On September 22, a 19-year-old man, an aspiring fashion designer who currently works in a cosmetics shop, was walking in the center of Baku. Another man – young, good-looking and well dressed – approached him and tried to start a conversation.
“He pretended to be gay and told me he had an apartment nearby, and invited me there,” said the designer, who asked that his name not be used. “At first I tried to ignore him, but he was persistent and eventually I admitted that I was gay.” As soon as he did that, the designer recounted to EurasiaNet.org, another man appeared and the two grabbed him by the arms, pushed him into a car, and took him to the police station. After 12 hours of detention, he was forced to sign documents that he was not allowed to read, and to pay a fine of 150 manats (about $88).

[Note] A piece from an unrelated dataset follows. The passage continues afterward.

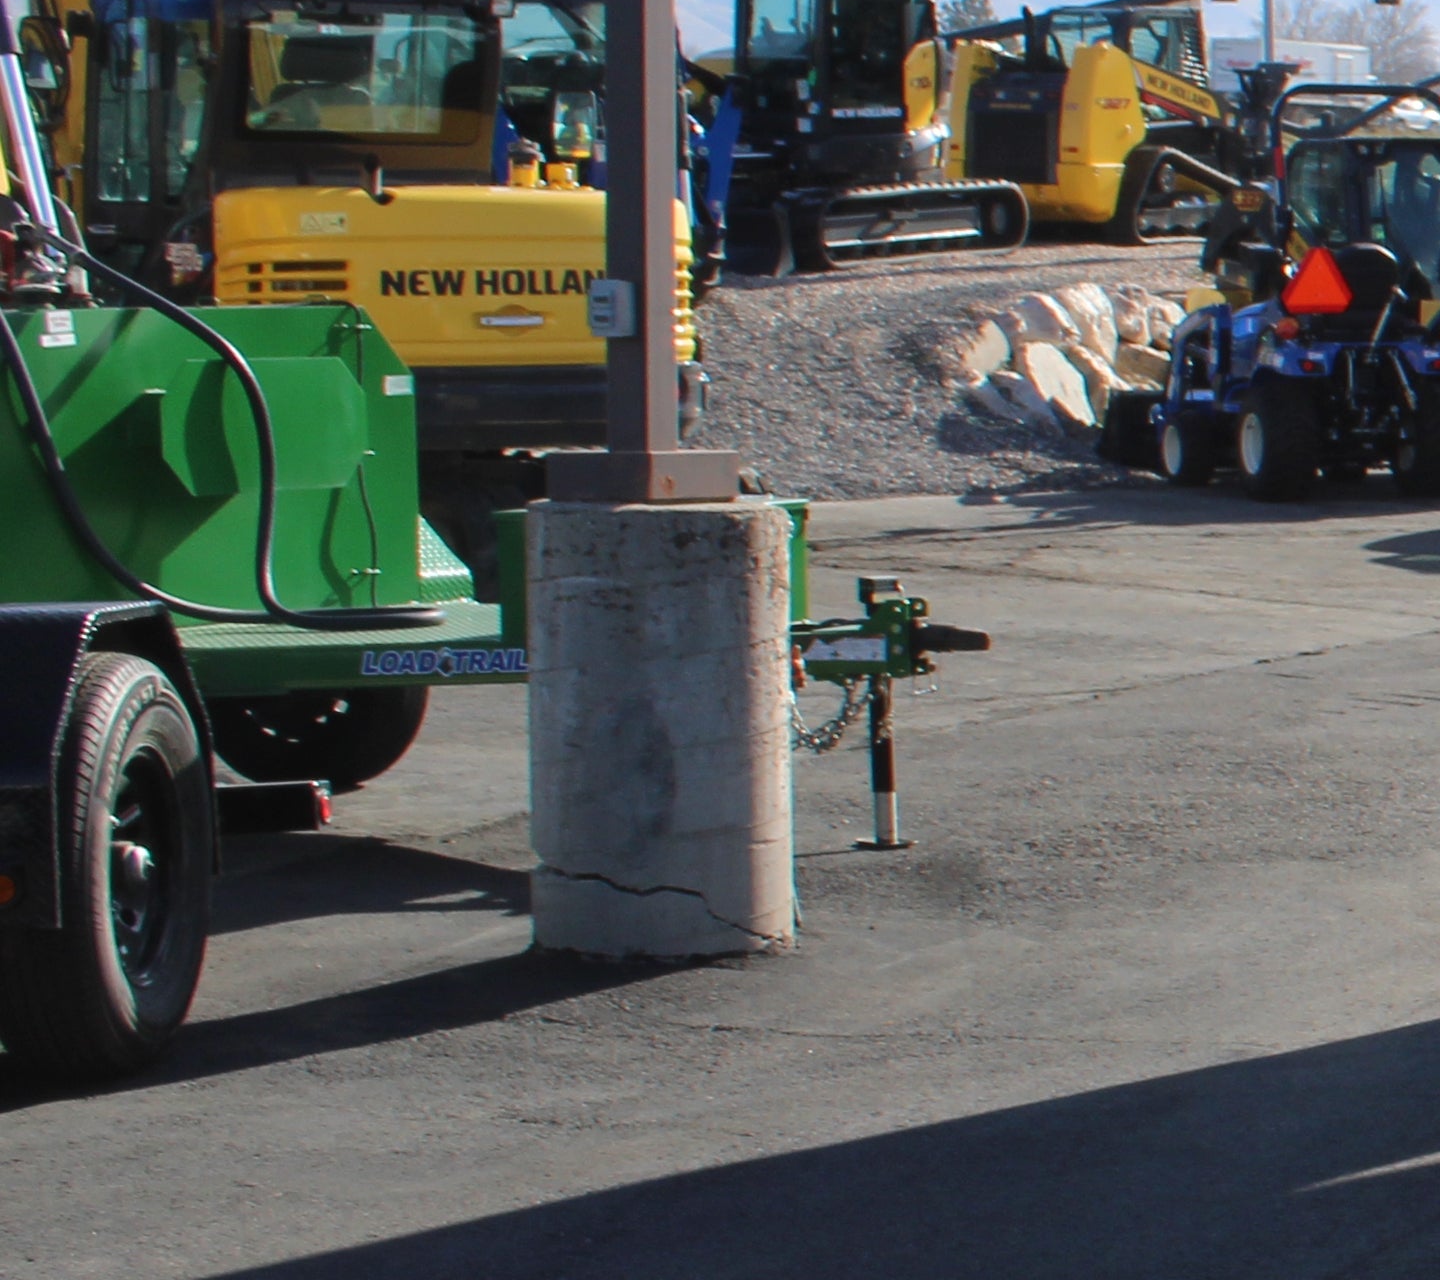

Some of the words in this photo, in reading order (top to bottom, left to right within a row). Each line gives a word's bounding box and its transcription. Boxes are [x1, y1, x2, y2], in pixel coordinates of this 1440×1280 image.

[380, 270, 465, 297] NEW
[362, 650, 438, 676] LOAD
[448, 648, 530, 673] TRAIL

Since then he stopped going to work and walking outside alone or after the dark. “The police warned me that next time they see me they’ll arrest me again,” he said. “I’ve become paranoid, if someone is just looking at me, I’ll walk the other way.”
Dozens of similar incidents have occurred in Azerbaijan since September 15, with gay and transgender people rounded up on the streets, in homes, and in bars across the city. Advocacy groups say at least 100 people have been arrested in the wave of raids. EurasiaNet.org was able to obtain information about at least 46 individuals who have been detained.